The Data Protection Authority imposed a €6,000,000 fine on Cosmote and €3,250,000 on OTE for leaking the personal data of millions of consumers.
Following COSMOTE’s notification of the personal data breach incident that was identified in early September 2020, the agency investigated the circumstances and, in this context, examined the legality of storing “leaked” files, as well as the security measures applied by the company.
What is the company’s response?
After the announcement of the Office for the Protection of Personal Data (Αρχή Προστασίας Δεδομένων Προσωπικού Χαρακτήρα, APDP) of its decision on the cyber attack incident with the victim of COSMOTE, which occurred in September 2020, the company notes that it has applied and is implementing all available measures to protect itself. They discovered the cyber attack themselves, taking all the necessary measures, and informed the competent authorities from the first moment, as provided.

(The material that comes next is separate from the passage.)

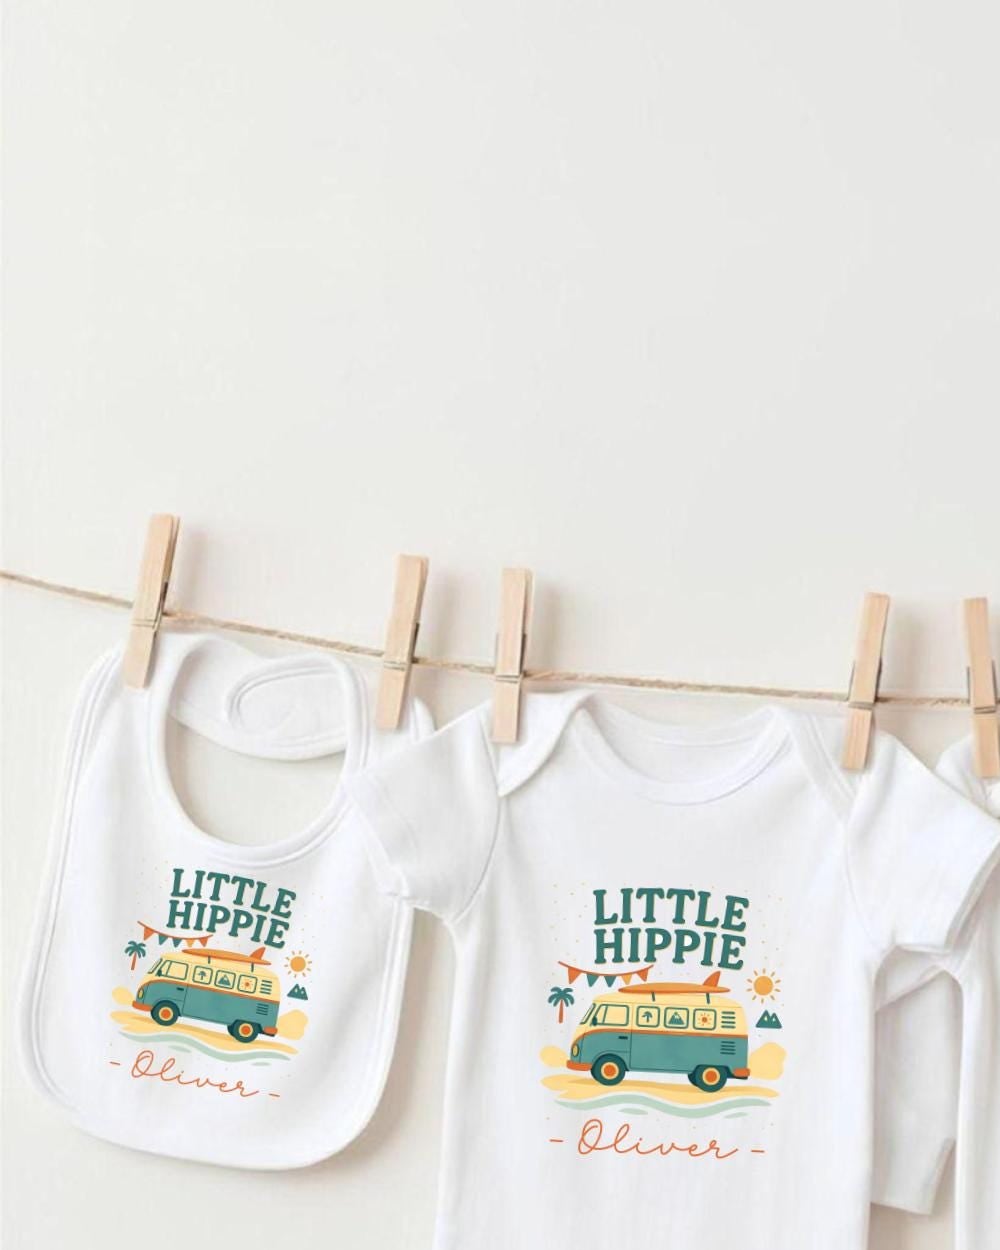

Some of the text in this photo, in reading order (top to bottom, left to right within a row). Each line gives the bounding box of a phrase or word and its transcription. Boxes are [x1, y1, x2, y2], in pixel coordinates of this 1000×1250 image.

As acknowledged by the Office of the APAP, the company fully cooperated with them and took appropriate measures to eliminate the incident. As for the affected customers of the company, no action was required. In any case, the company does not lose its legal rights.
The phenomenon of cyberattacks is a daily occurrence all over the world, for all technological systems of companies, organizations and institutions. OTE Group counters over 500,000 third-party malicious attacks every month.